En inderdaad, zoals u zegt, ik wil ook altijd gelijk hebben. Als u zegt dat dit een mallotig kenmerk is van autisten die denken dat ze altijd slimmer zijn dan een ander, dan zeg ik: mensen met autisme zijn ook vooral mensen. En sommigen willen gelijk hebben, maar er zijn er ook die altijd een ander gelijk geven, en opkijken naar wie hen overbluft.
Ik ga in gedachten terug waar mijn zweer groeide, en groeide. In de breedte, in de diepte, in de hoogte. Het leek wel de hoog middeleeuwse definitie van God. Anders dan God, sprong die zweer niet open, en voelde ik daar, voor het rek van de supermarkt, terug de pijn van de huisarts die er een naald inzette, er pus en bloed deed uitspatten, en er vergeefs een pleister op aanbracht. Intussen was ik immers zodanig beginnen zweten dat niets meer bleef plakken.. En nu stond ik daar, voor het rek in de supermarkt. Te staren naar het enorme aanbod kleefpleisters. Met een snee in je gezicht rondlopen is nu ook geen zicht.
Waterbestendig, elastisch, zelfreinigend, de genezing bespoedigend, in dit of dat kleur, met of zonder geurtje, fluorescerend voor lopers in het donker of je lief die jou en niet de pleister ’s nachts wil kussen. Eventueel met een boodschap op. Van boeddhistisch of filosofisch, christelijk of agnostisch, of je favoriete voetballer, van Mertens tot Lukaku. Van verschillende merken ook, van het duurste tot het huismerk.

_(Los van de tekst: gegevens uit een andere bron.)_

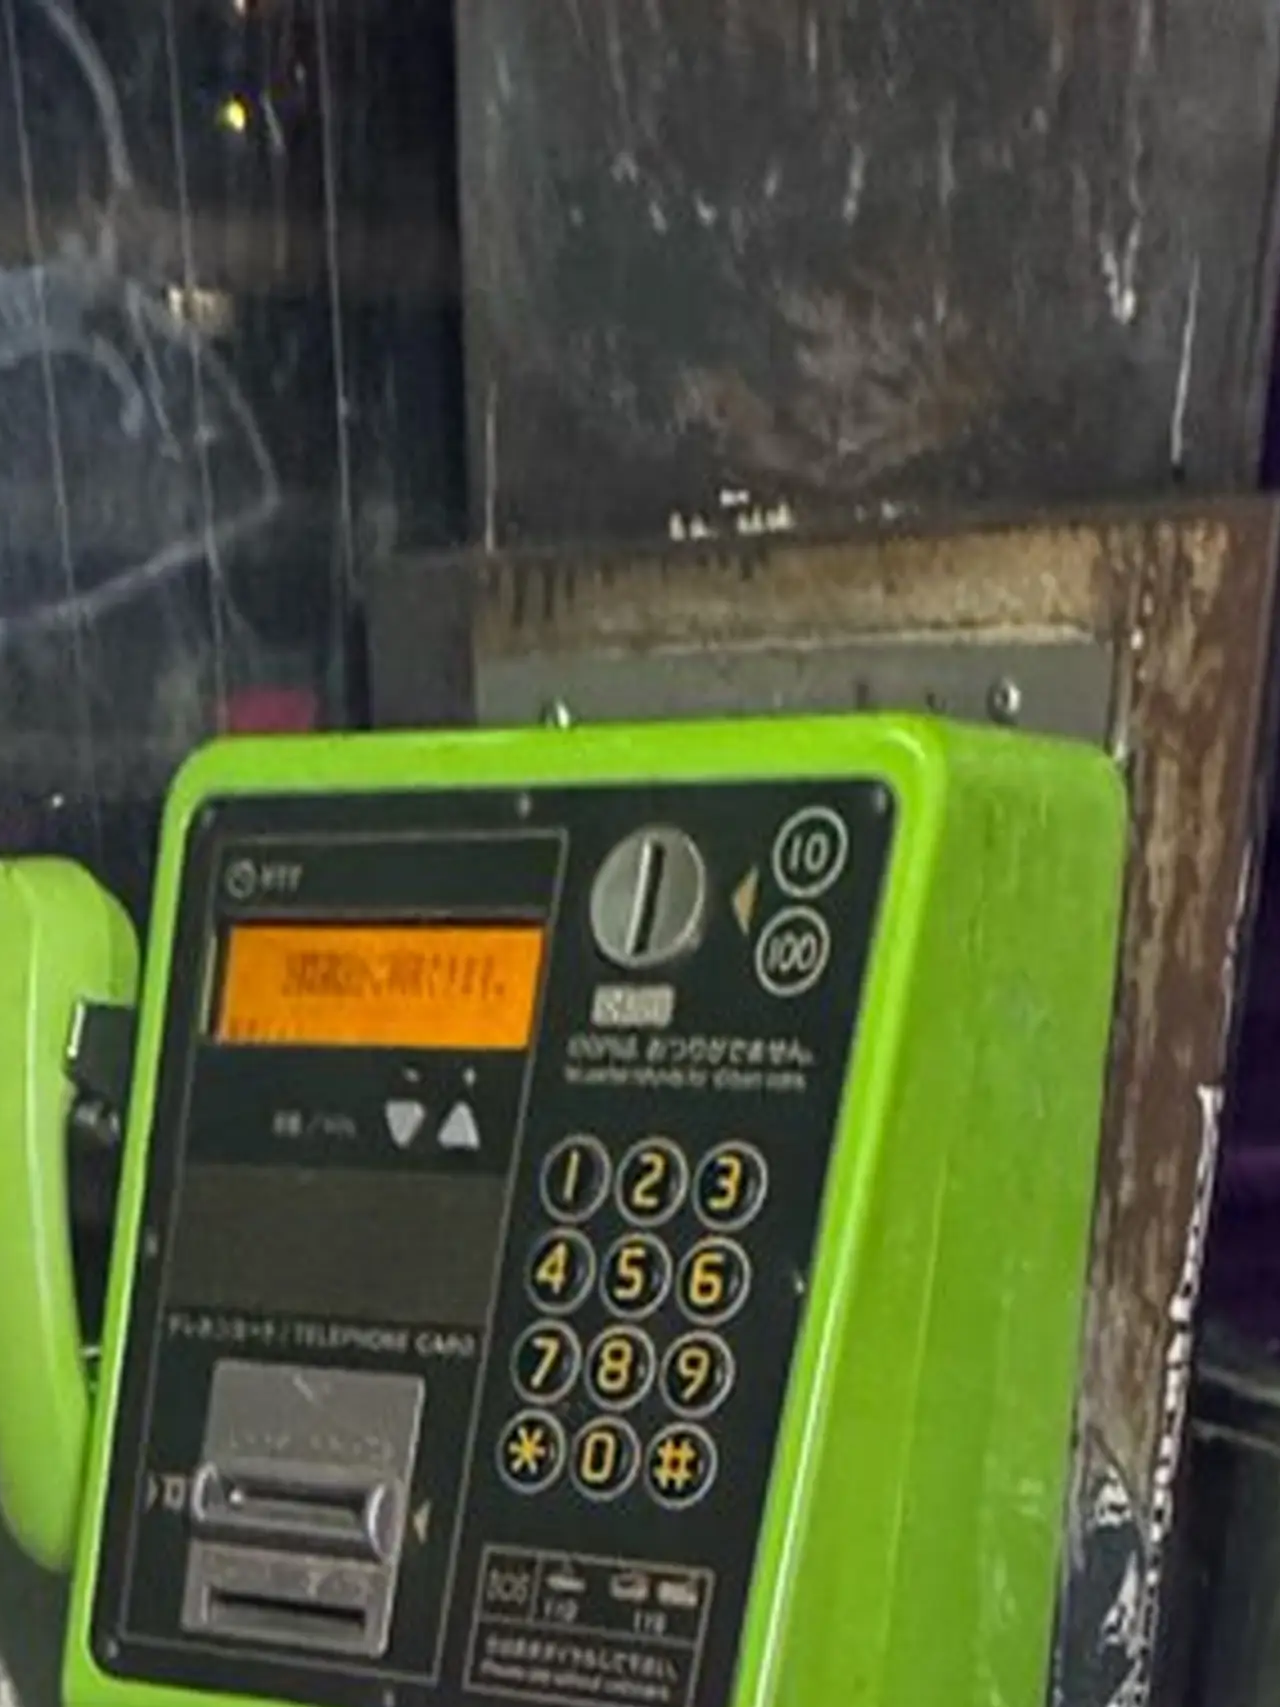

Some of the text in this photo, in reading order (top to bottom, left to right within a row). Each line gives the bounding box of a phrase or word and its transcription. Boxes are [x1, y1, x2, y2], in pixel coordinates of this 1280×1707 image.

[788, 831, 831, 877] 10
[767, 930, 819, 976] 100
[564, 1149, 743, 1210] 1 2 3
[536, 1243, 726, 1307] 4 5 6
[530, 1336, 713, 1401] 7 8 9
[581, 1431, 616, 1483] 0
[653, 1438, 698, 1491] #
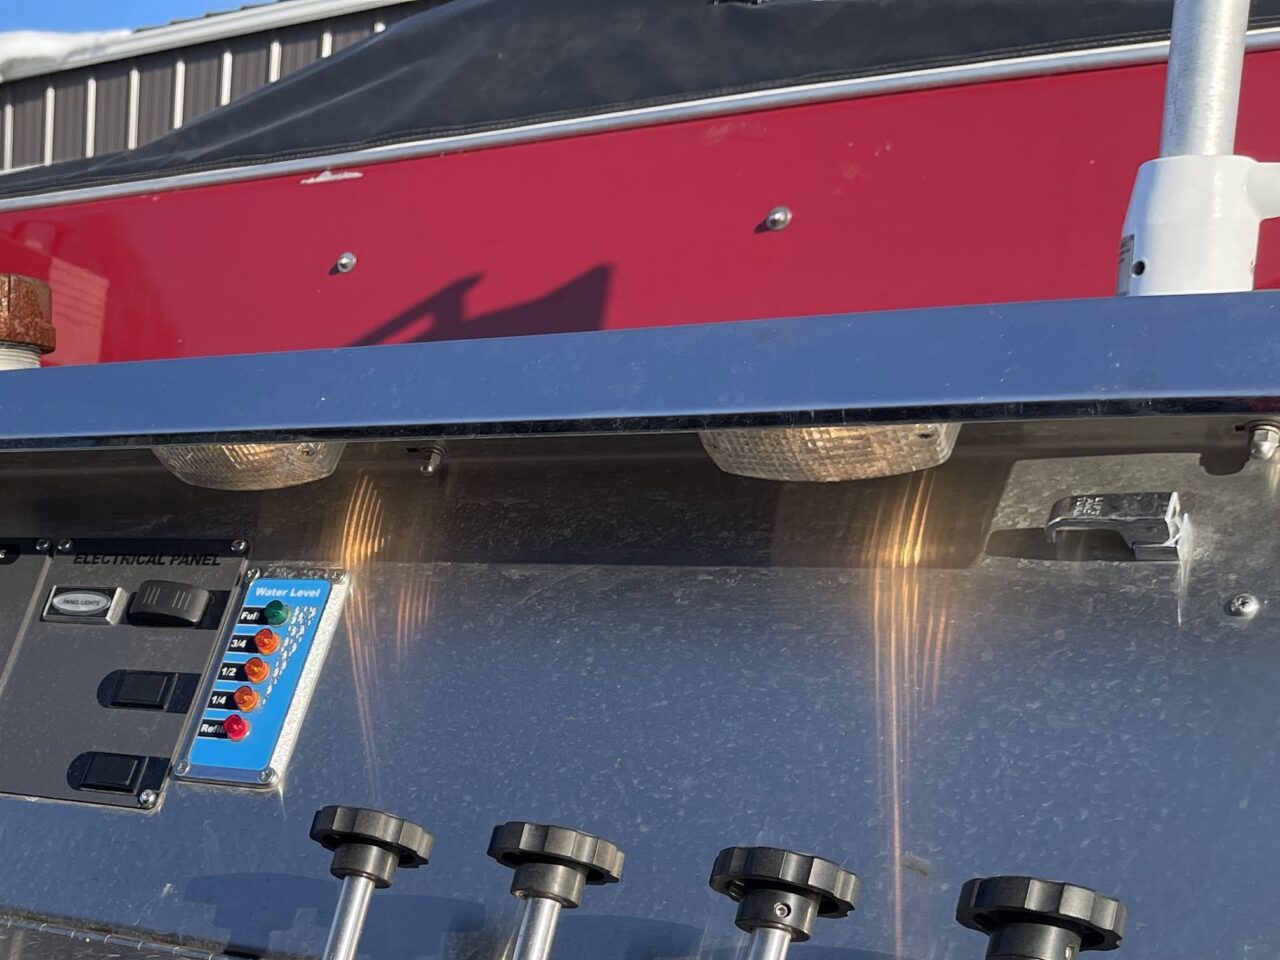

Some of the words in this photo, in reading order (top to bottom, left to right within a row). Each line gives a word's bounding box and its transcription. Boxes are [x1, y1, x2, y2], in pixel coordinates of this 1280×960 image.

[73, 553, 166, 566] ELECTRICAL
[169, 554, 221, 567] PANEL
[255, 587, 288, 597] Water
[290, 588, 321, 598] Level
[241, 612, 259, 620] Full
[231, 640, 246, 648] 3/4
[221, 667, 237, 676] 1/2
[211, 696, 227, 704] 1/4

Op zo’n moment is er dan gelukkig mijn vriendin waar ik samen de pleisterkeuze afweeg. De voor – en de nadelen. Proberen kan niet, dus we moeten het doen met wat er over de verpakking staat. In muizenlettertjes. Om uiteindelijk toch maar te gaan voor elastisch en waterbestendig. Zoals wij zelf zijn dus. Ik elastisch, zij waterbestendig. Om maar te zeggen dat we elkaar aanvullen. Ook in de aartsmoeilijke keuze om een geschikte kleefpleister te vinden. Of in meer fundamentele keuzes in het leven.